It should come as no surprise that the tech start-up founders who made up the majority of customers of the Silicon Valley Bank are keen adopters of online messaging. And in the hours leading up to the demise of the bank earlier this month, panicked Twitter posts and WhatsApp exchanges abounded.
After the bank announced that it was taking steps to shore up its finances in the wake of the tech recession, its stock price plummeted by 60 per cent as investors rushed to sell shares. Many Silicon Valley investors took to Twitter with warnings of an imminent “Startup Extinction Event” that would “set innovation back by ten years”. “YOU SHOULD BE ABSOLUTELY TERRIFIED RIGHT NOW,” tweeted one.

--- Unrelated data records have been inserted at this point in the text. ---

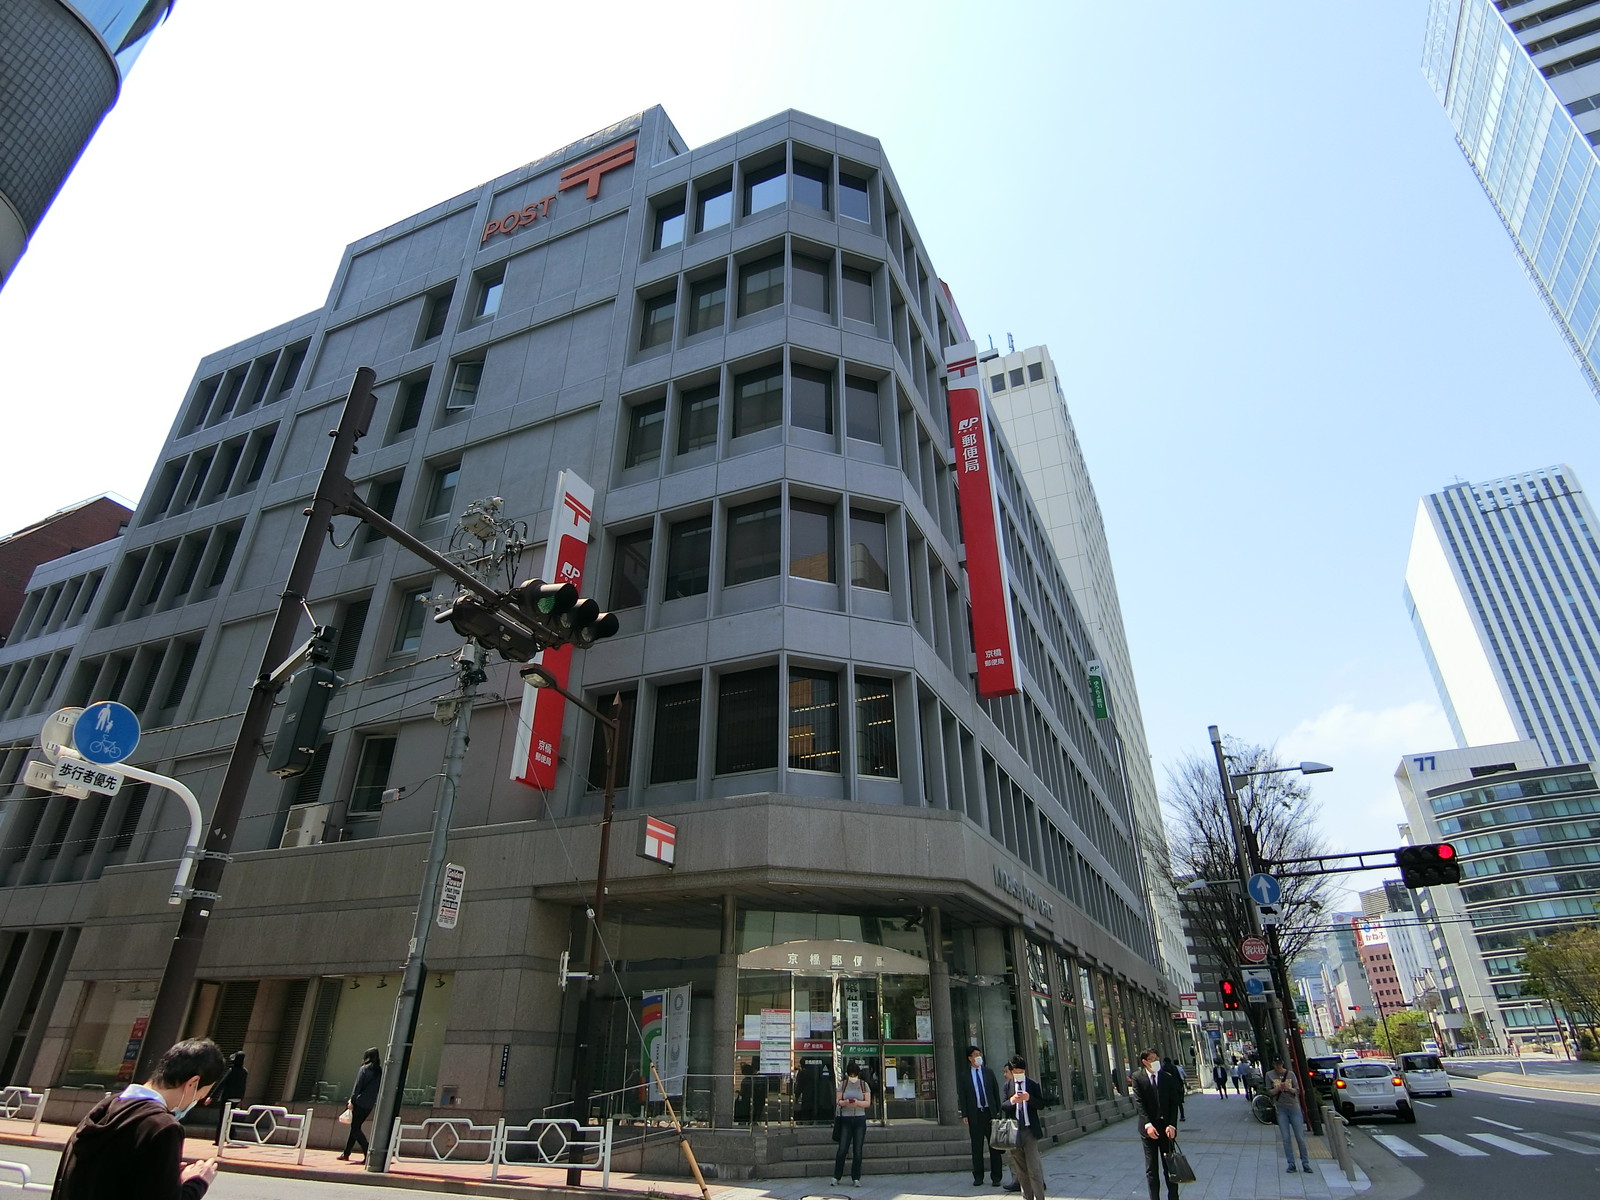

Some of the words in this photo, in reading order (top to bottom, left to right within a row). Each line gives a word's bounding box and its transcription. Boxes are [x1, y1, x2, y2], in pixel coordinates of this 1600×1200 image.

[482, 194, 556, 242] POST
[962, 433, 980, 474] 郵便局
[58, 763, 118, 791] 歩行者優先
[1413, 755, 1435, 771] 77
[787, 953, 885, 967] 京橋郵便局
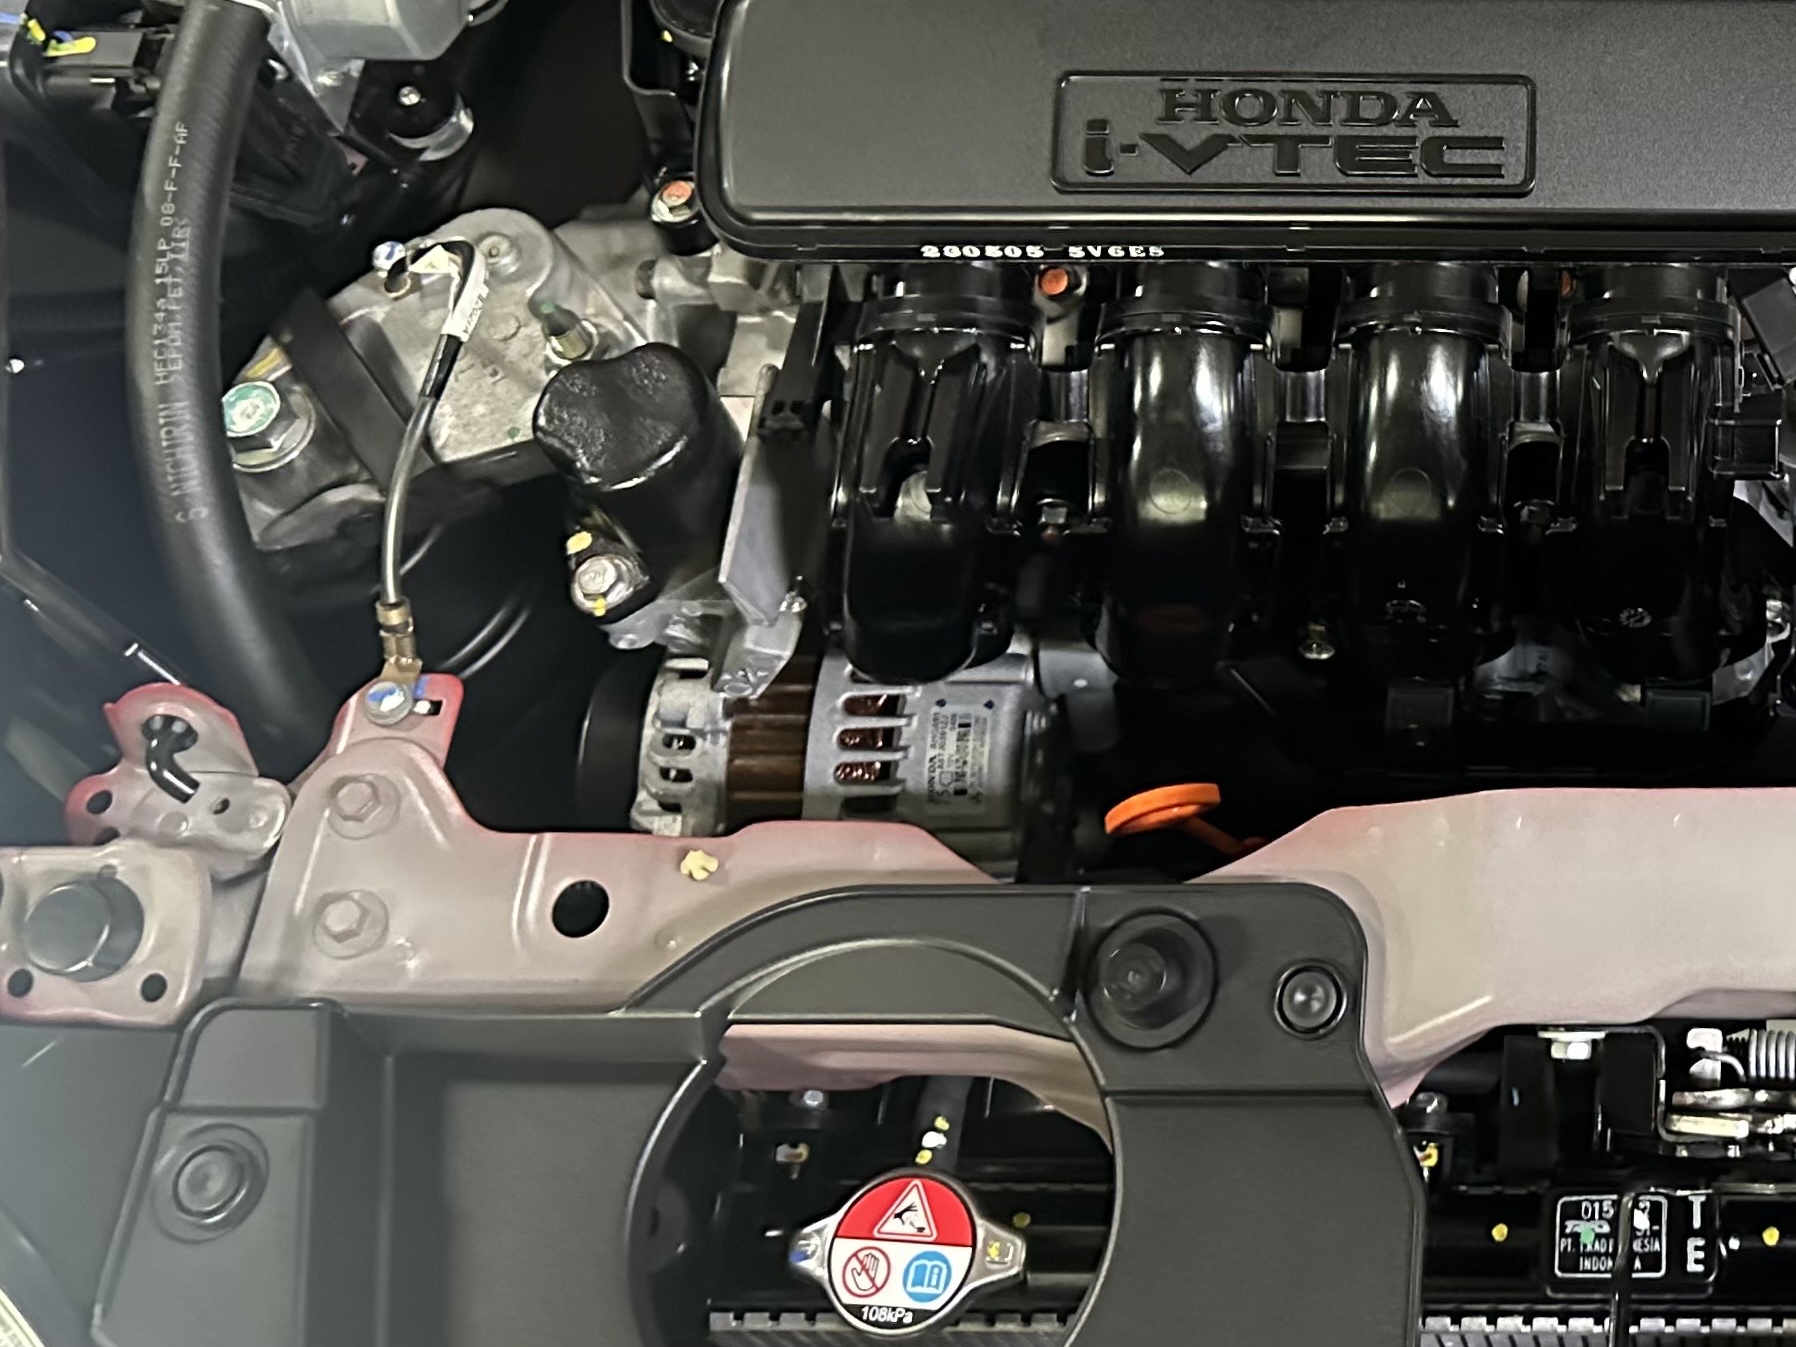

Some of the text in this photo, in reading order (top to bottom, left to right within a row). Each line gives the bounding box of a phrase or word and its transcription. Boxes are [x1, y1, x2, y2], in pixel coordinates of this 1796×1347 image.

[1157, 88, 1459, 128] HONDA
[1083, 119, 1506, 178] i-VTEC
[860, 1305, 914, 1324] 108kPa

What followed was a frenzied pinging of the bank’s customers’ phones and laptops in the US and UK, as chat groups ordinarily used to swap industry news and advice were lit up with one single, urgent message: get your money out of SVB. In just a few short hours, the tech bank’s depositors had withdrawn deposits to the value of $40bn and within two days the bank had collapsed.

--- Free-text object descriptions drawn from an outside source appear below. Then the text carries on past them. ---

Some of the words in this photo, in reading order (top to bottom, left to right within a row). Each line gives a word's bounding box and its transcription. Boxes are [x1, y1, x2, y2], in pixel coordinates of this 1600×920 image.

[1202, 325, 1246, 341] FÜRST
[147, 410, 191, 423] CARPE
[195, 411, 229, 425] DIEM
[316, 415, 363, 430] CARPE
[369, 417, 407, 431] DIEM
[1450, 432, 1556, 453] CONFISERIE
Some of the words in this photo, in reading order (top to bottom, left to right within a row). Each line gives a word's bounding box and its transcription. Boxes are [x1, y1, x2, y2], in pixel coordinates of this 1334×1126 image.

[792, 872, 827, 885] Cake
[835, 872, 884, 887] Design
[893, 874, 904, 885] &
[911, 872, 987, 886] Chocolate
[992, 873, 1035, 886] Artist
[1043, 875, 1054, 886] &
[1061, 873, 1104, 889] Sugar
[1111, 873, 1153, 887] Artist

While its speedy demise was ostensibly triggered by its decision to raise funds through a sale of shares, only in the era of social media – where lightning fast messages caused panic to sweep through depositors like wild fire – could a bank fall so quickly. The irony is that the overblown tweets about the inevitability of a bank run only served to make a bank run unavoidable.
Michael Imerman, a professor of finance at the University of California-Irvine, described what happened at SVB as “a bank sprint, not a bank run, and social media played a central role in that”. While Congressman Patrick McHenry, chairman of the US House Financial Services Committee, called it “the first Twitter fuelled bank run.”
“In economic terms, it’s a bit like sitting in a dark building and someone’s shouting fire – there’s a scramble to get to the exit and you end up with a self-fulfilling prophecy with investors rushing to take money out of the bank,” says AJ Bell investment director, Russ Mould. “The banks have to sell assets to cover deposits so they have less money to lend which in turn inspires less confidence.”
Of course, a bank run triggered by word of mouth rumours is not a new phenomenon – you can trace them back to the bank runs in 1930s America when crowds gathered outside banks to withdraw their deposits during the Great Depression. The difference today is the speed with which social media allows those rumours to spread. Combine this with the easy access offered by online banking, and you have a catalyst for today’s financial crisis.
“Financial contagion can spread much faster and that’s happened over the last fortnight,” says Susannah Streeter, head of money and markets at Hargreaves Lansdown.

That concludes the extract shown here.